**Goal of the exercise:** Leave out the pictures and retype all the entries below exactly.

** Data section follows **

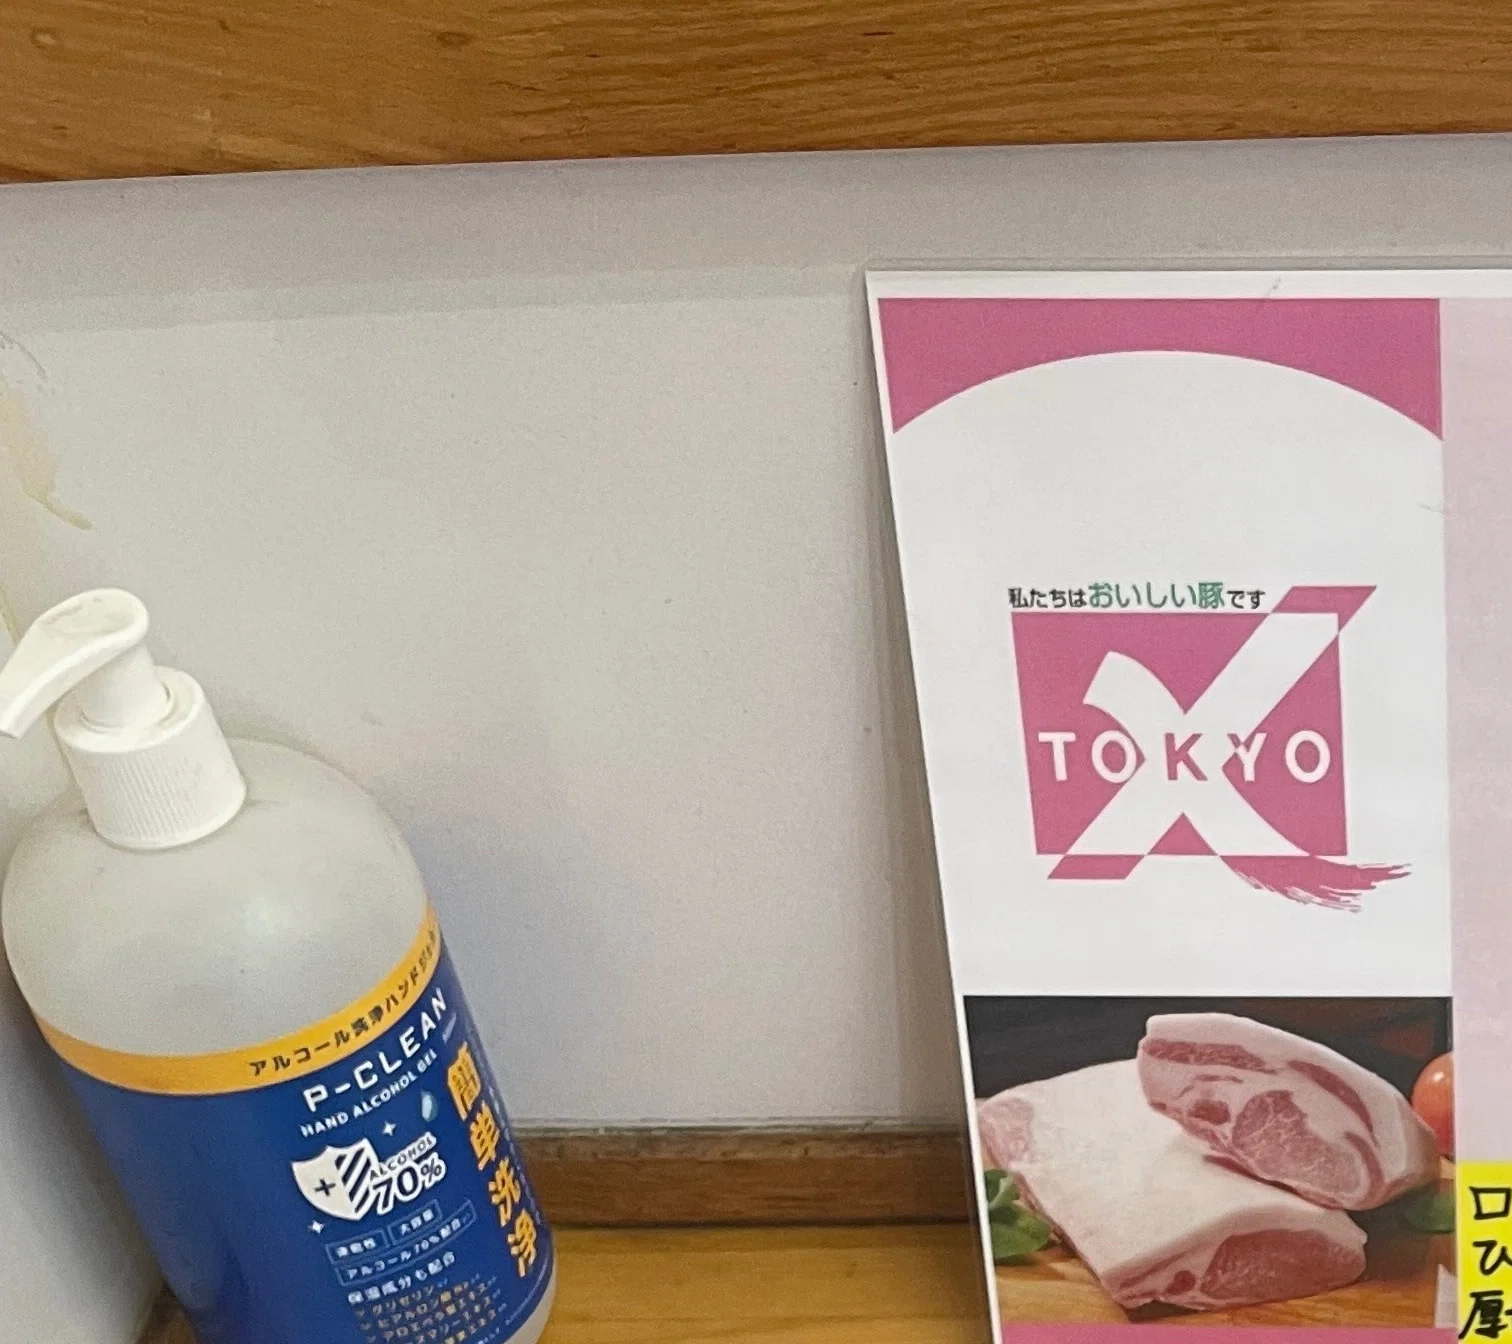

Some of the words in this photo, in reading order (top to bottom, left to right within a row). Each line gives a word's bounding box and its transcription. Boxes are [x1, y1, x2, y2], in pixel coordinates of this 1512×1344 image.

[1038, 730, 1331, 783] TOKYO
[303, 987, 447, 1113] P-CLEAN
[300, 1111, 349, 1138] HAND
[352, 1070, 418, 1119] ALCOHOL
[369, 1136, 433, 1181] ALCOHOL
[372, 1158, 443, 1211] 70%

** End of Data section **

**Response for this exercise:**
Some of the words in this photo, in reading order (top to bottom, left to right within a row). Each line gives a word's bounding box and its transcription. Boxes are [x1, y1, x2, y2], in pixel coordinates of this 1512×1344 image.

[1038, 730, 1331, 783] TOKYO
[303, 987, 447, 1113] P-CLEAN
[300, 1111, 349, 1138] HAND
[352, 1070, 418, 1119] ALCOHOL
[369, 1136, 433, 1181] ALCOHOL
[372, 1158, 443, 1211] 70%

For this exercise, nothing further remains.